### WHAT YOU WILL DO
All of the entries, apart from their pictures, are to be copied verbatim.

GIVEN INFORMATION: Begin

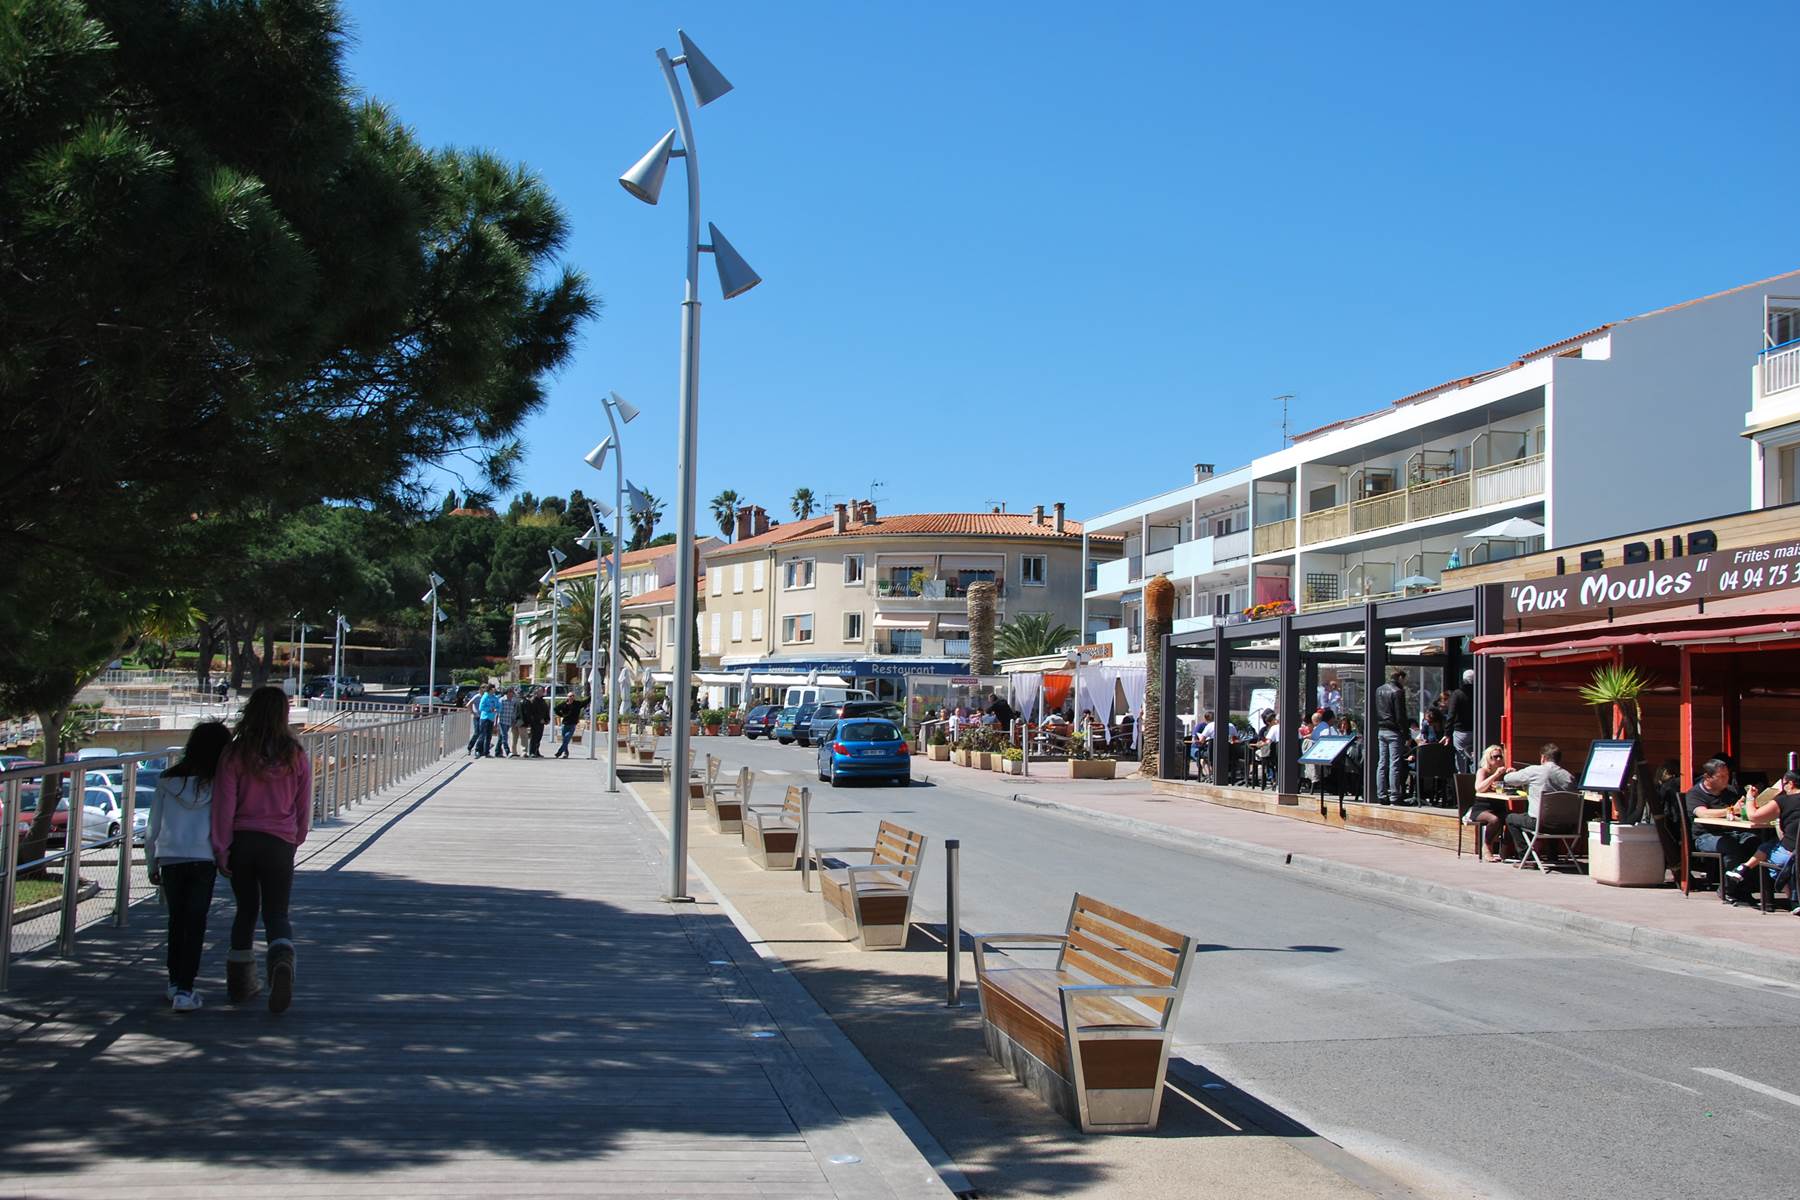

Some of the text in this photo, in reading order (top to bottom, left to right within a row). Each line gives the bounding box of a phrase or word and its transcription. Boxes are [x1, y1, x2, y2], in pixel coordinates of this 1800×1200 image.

[1734, 550, 1770, 564] Frites
[1719, 570, 1739, 591] 04
[1742, 567, 1763, 589] 94
[1769, 563, 1789, 586] 75
[871, 663, 936, 675] Restaurant
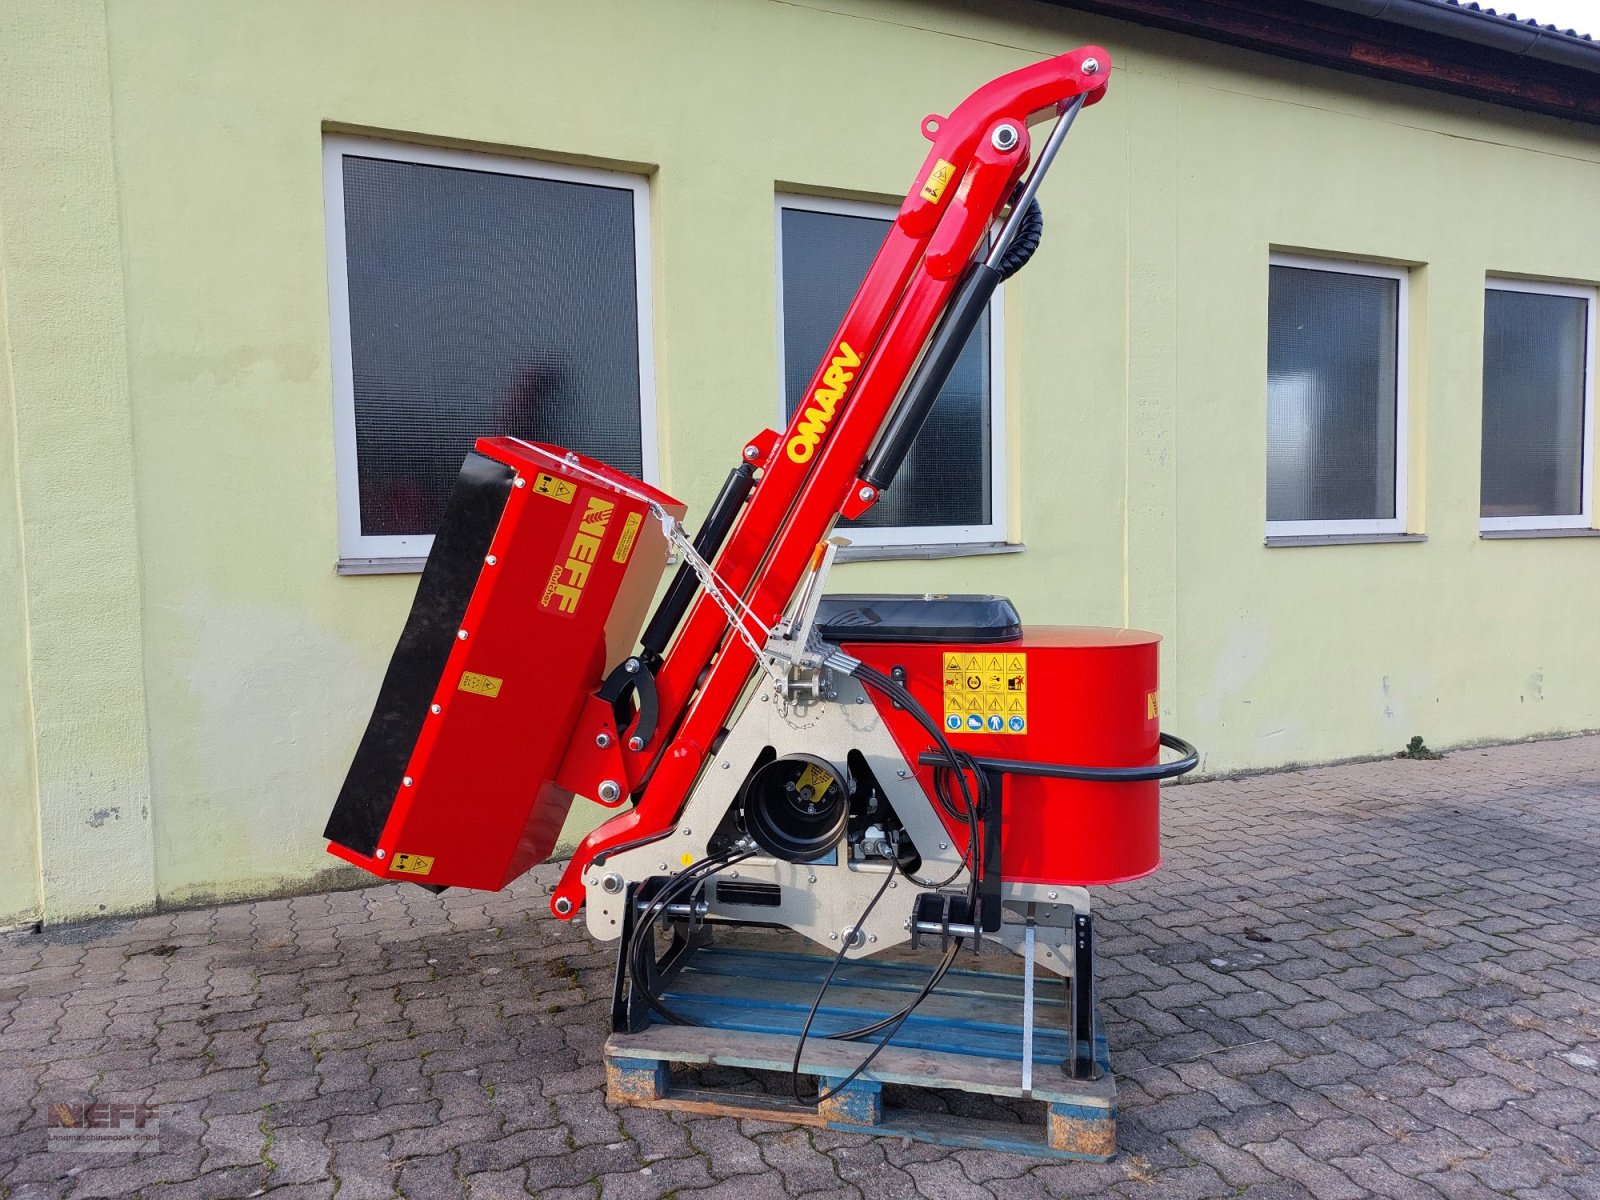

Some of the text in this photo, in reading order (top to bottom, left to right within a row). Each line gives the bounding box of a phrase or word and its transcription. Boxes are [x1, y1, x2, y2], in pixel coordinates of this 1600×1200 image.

[787, 341, 861, 464] OMARV
[541, 565, 562, 607] Mulcher
[555, 497, 615, 614] NEFF
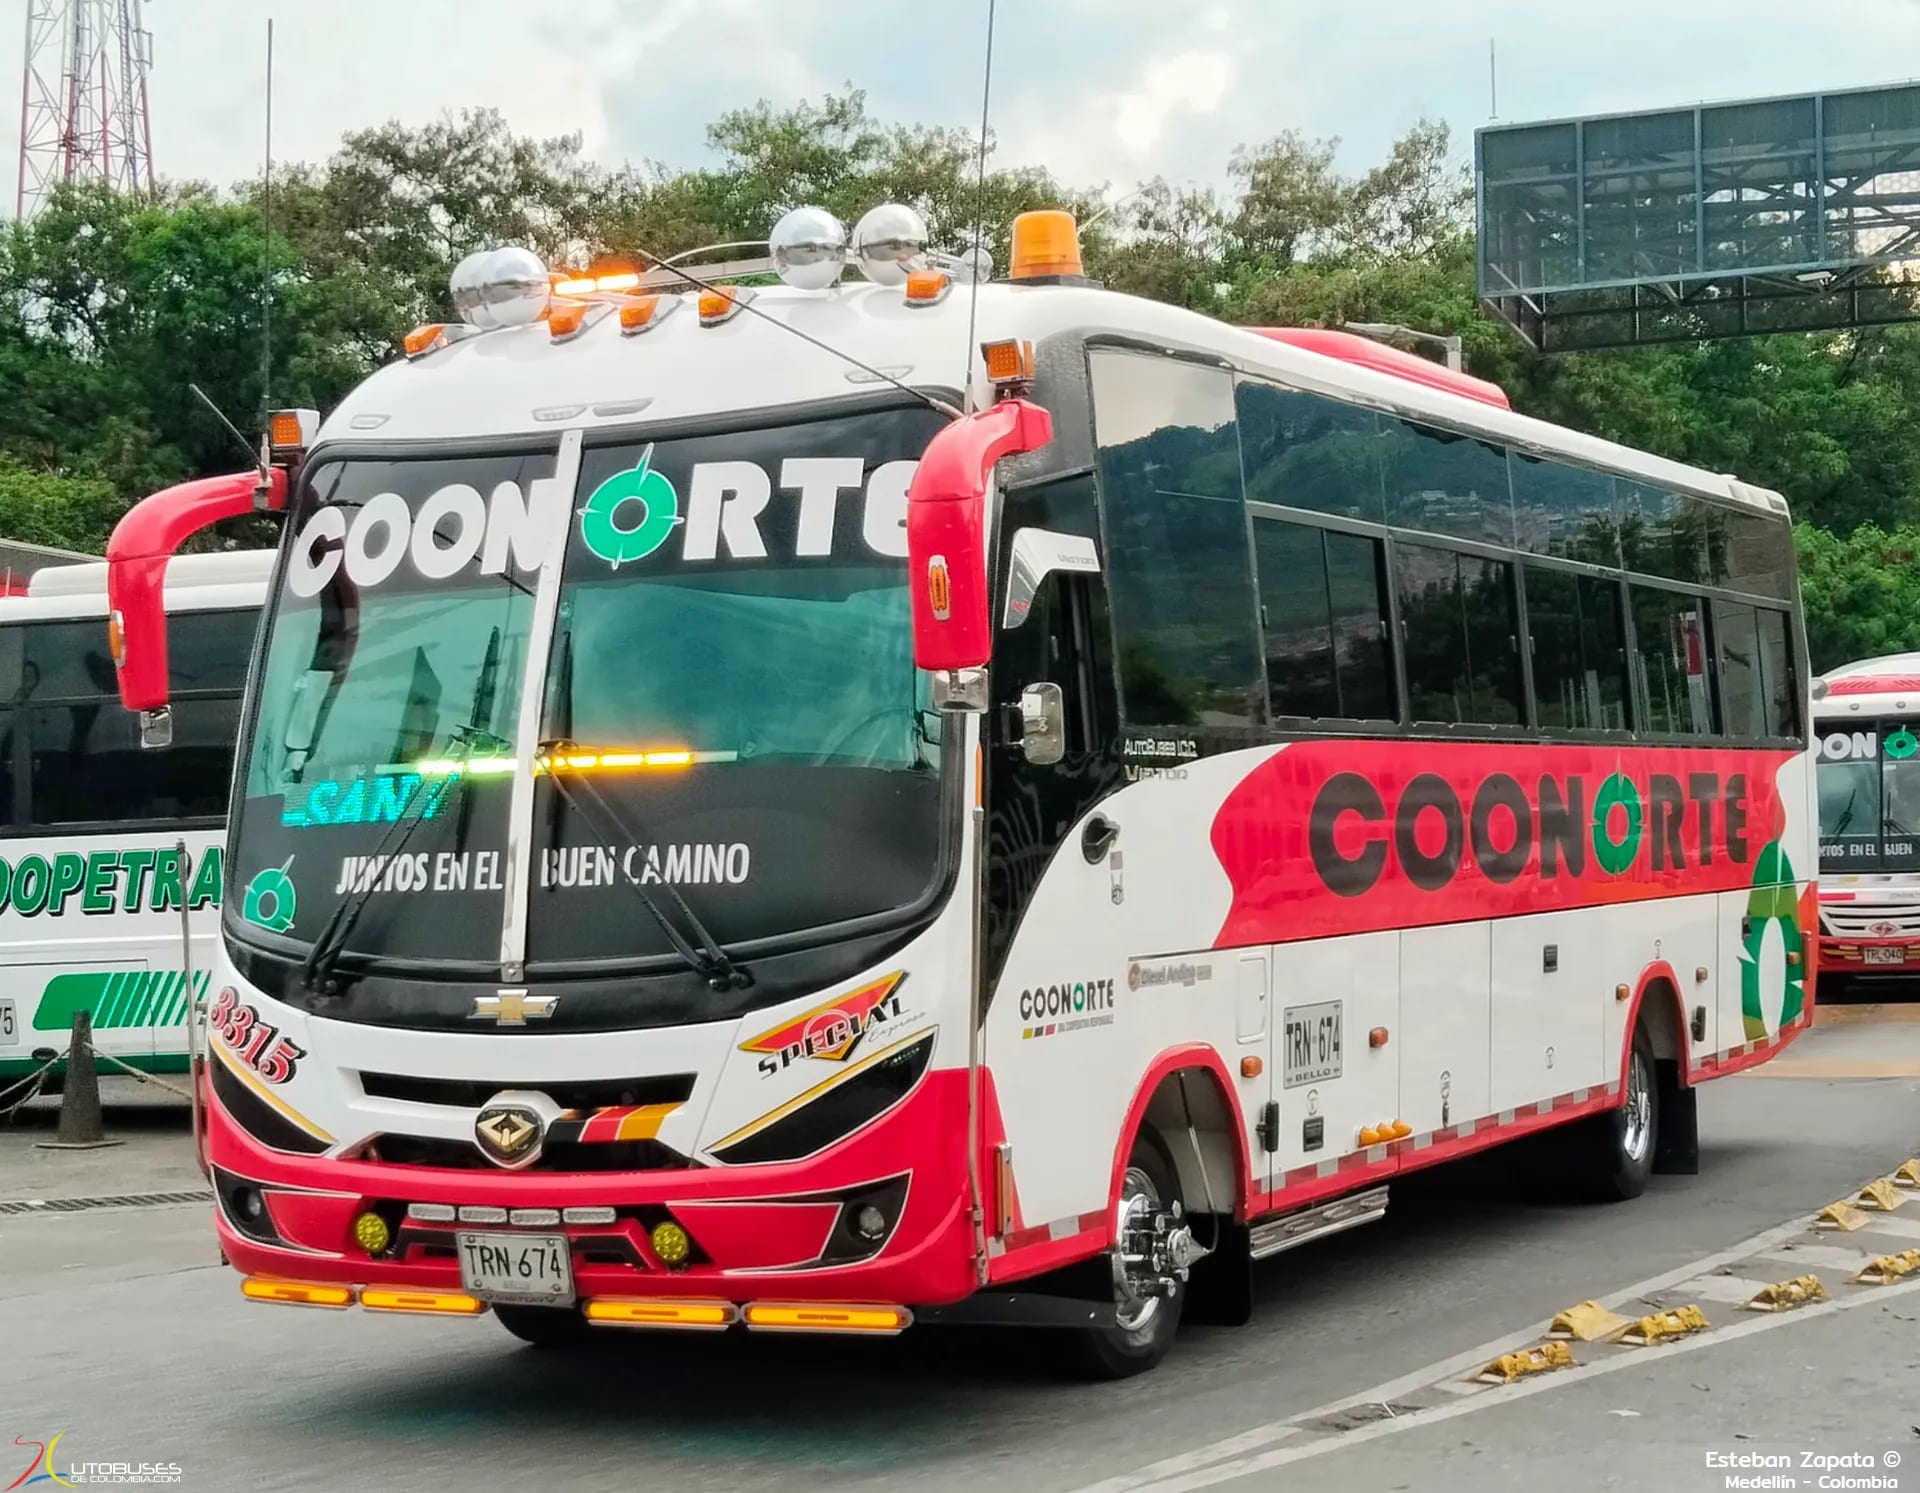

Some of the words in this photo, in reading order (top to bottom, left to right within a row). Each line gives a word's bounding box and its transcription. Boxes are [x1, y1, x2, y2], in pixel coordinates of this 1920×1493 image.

GIVEN INFORMATION: End

### TASK OUTPUT
Some of the text in this photo, in reading order (top to bottom, left to right within a row). Each line gives the bounding box of a phrase or word and its transcription. Boxes are [x1, y1, x2, y2], in pixel coordinates of this 1800×1200 image.

[1734, 550, 1770, 564] Frites
[1719, 570, 1739, 591] 04
[1742, 567, 1763, 589] 94
[1769, 563, 1789, 586] 75
[871, 663, 936, 675] Restaurant

Some of the text in this photo, in reading order (top to bottom, left to right within a row). Each line gives the bounding box of a phrase or word and its transcription. Boxes are [x1, y1, x2, y2], in pixel coordinates of this 1600×1200 image.

[787, 341, 861, 464] OMARV
[541, 565, 562, 607] Mulcher
[555, 497, 615, 614] NEFF

Some of the words in this photo, in reading order (top to bottom, left to right within a row). Each line gives a word's bounding box and its transcription. Boxes are [x1, y1, x2, y2], in pixel coordinates of this 1920×1493 image.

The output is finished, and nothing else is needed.